# Exercise data:
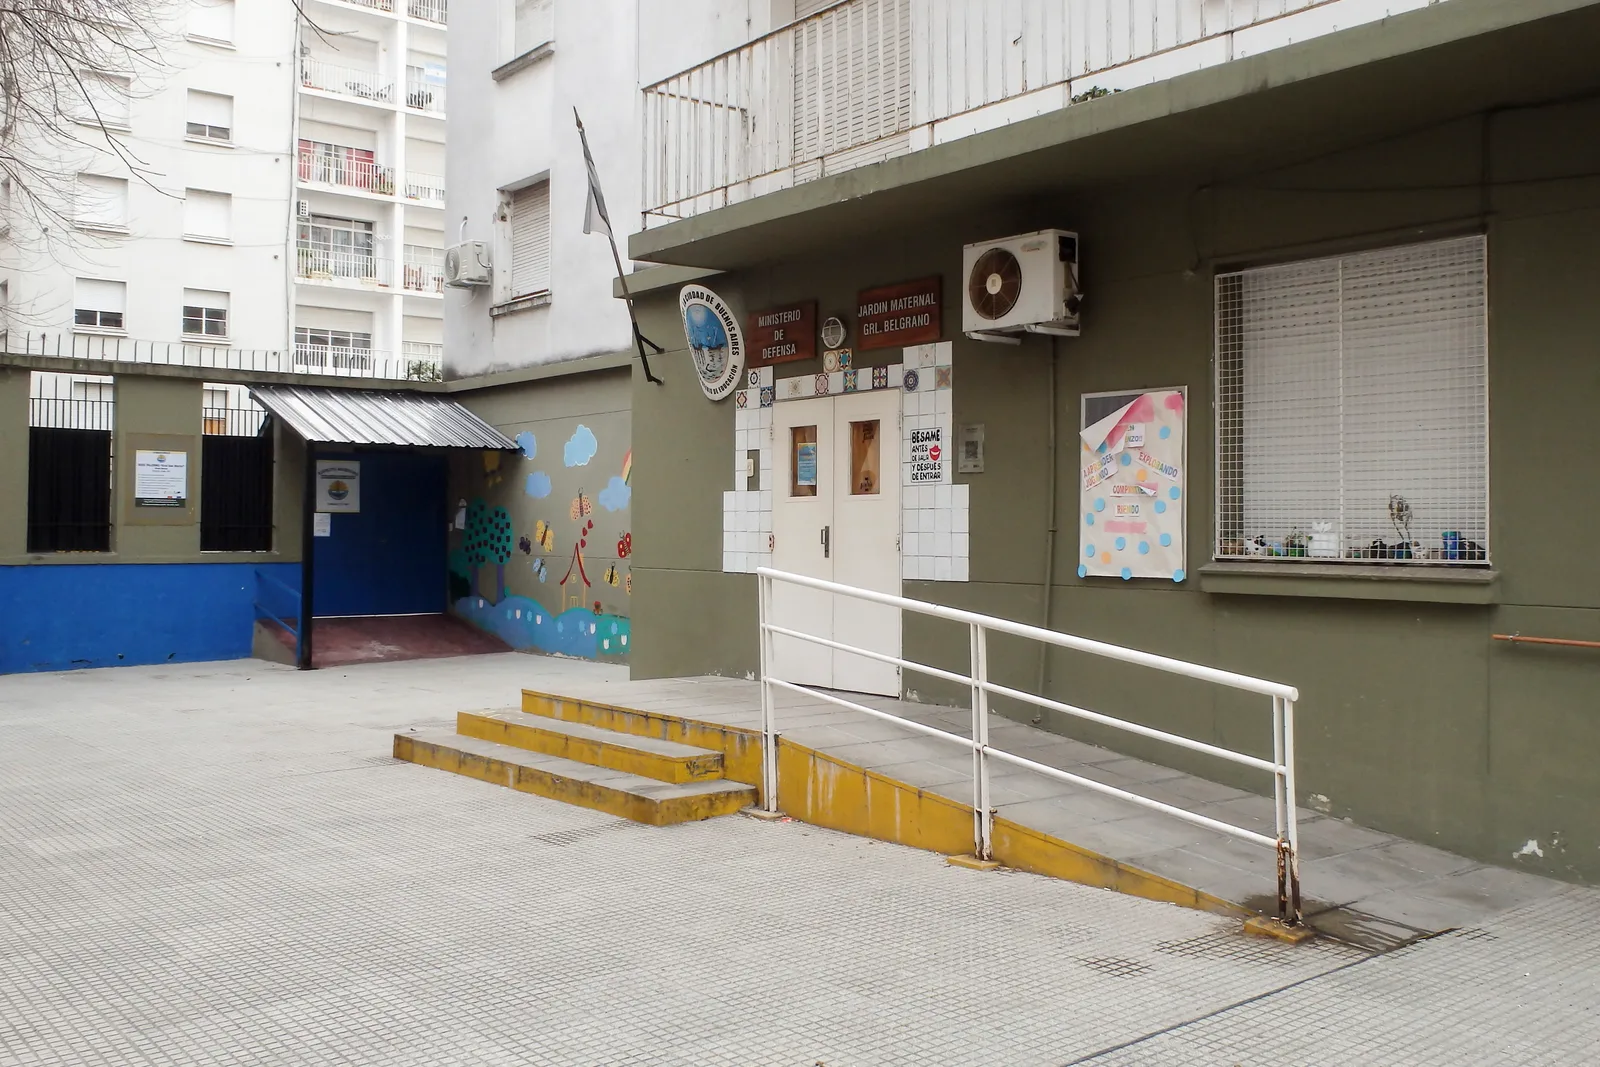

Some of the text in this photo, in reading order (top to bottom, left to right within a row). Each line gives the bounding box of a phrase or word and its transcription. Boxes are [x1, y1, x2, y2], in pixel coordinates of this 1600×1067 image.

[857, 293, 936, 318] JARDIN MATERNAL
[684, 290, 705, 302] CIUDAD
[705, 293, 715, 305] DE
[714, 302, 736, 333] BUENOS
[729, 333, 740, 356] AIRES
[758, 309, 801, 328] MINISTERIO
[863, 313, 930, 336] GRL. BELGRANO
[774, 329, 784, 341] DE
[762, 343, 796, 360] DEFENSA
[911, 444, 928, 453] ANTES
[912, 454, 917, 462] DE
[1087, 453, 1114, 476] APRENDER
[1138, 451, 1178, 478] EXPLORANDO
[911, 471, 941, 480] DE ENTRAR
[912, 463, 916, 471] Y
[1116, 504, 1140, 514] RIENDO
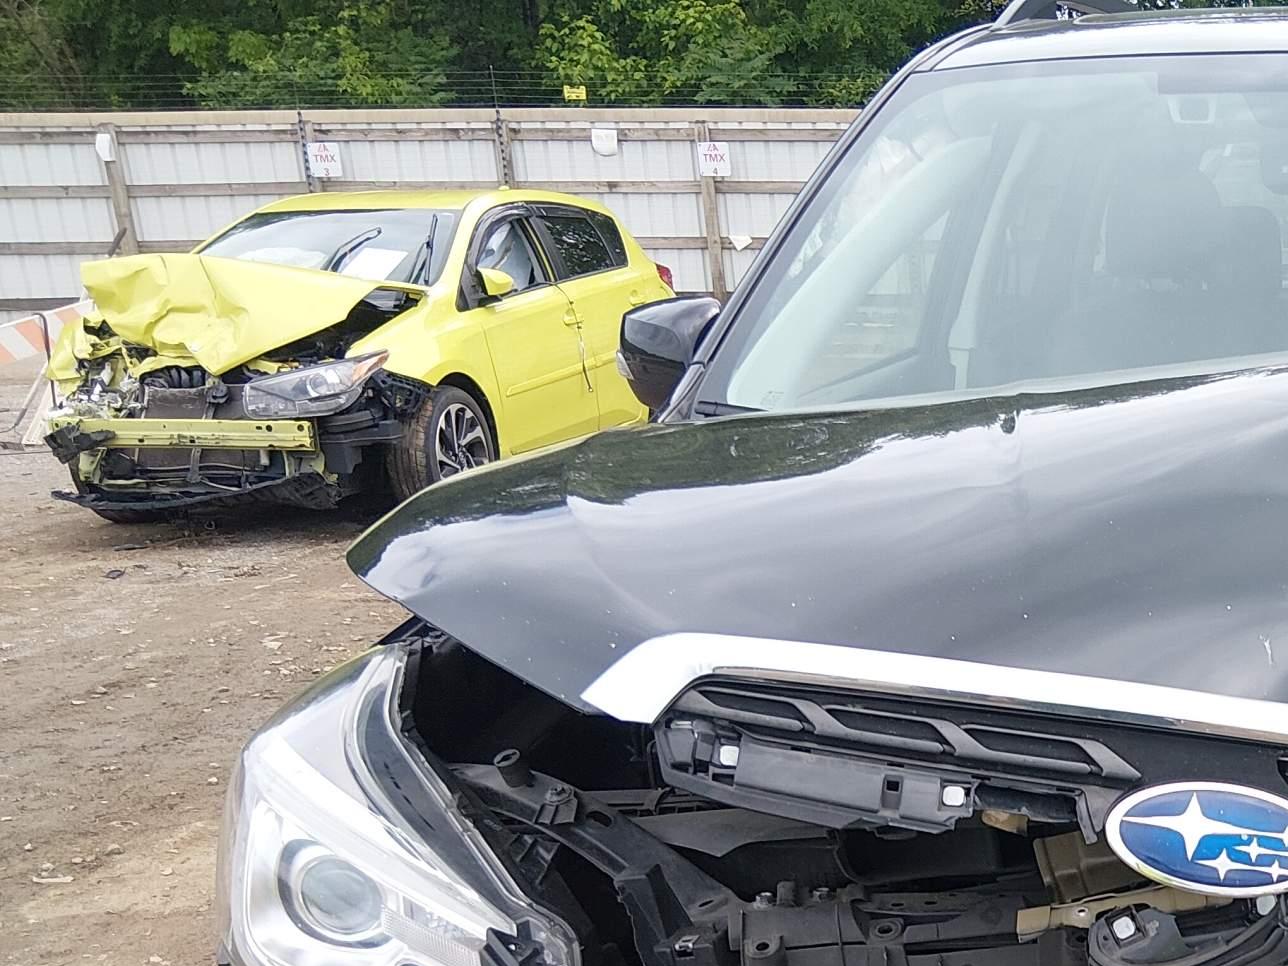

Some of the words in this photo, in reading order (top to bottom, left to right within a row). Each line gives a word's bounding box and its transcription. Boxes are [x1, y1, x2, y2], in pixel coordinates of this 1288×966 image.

# Exercise prompt:
Once the pictures are removed, reproduce the remaining entries above exactly.

# Response to this task:
Some of the text in this photo, in reading order (top to bottom, left to right within a row). Each line gives the bounding box of a phrase or word and its transcription. Boxes are [x1, y1, x2, y2], in pixel coordinates of this 1600×1067 image.

[857, 293, 936, 318] JARDIN MATERNAL
[684, 290, 705, 302] CIUDAD
[705, 293, 715, 305] DE
[714, 302, 736, 333] BUENOS
[729, 333, 740, 356] AIRES
[758, 309, 801, 328] MINISTERIO
[863, 313, 930, 336] GRL. BELGRANO
[774, 329, 784, 341] DE
[762, 343, 796, 360] DEFENSA
[911, 444, 928, 453] ANTES
[912, 454, 917, 462] DE
[1087, 453, 1114, 476] APRENDER
[1138, 451, 1178, 478] EXPLORANDO
[911, 471, 941, 480] DE ENTRAR
[912, 463, 916, 471] Y
[1116, 504, 1140, 514] RIENDO

Some of the words in this photo, in reading order (top to bottom, left to right within a row). Each line gives a word's bounding box and its transcription. Boxes are [x1, y1, x2, y2], in pixel coordinates of this 1288×966 image.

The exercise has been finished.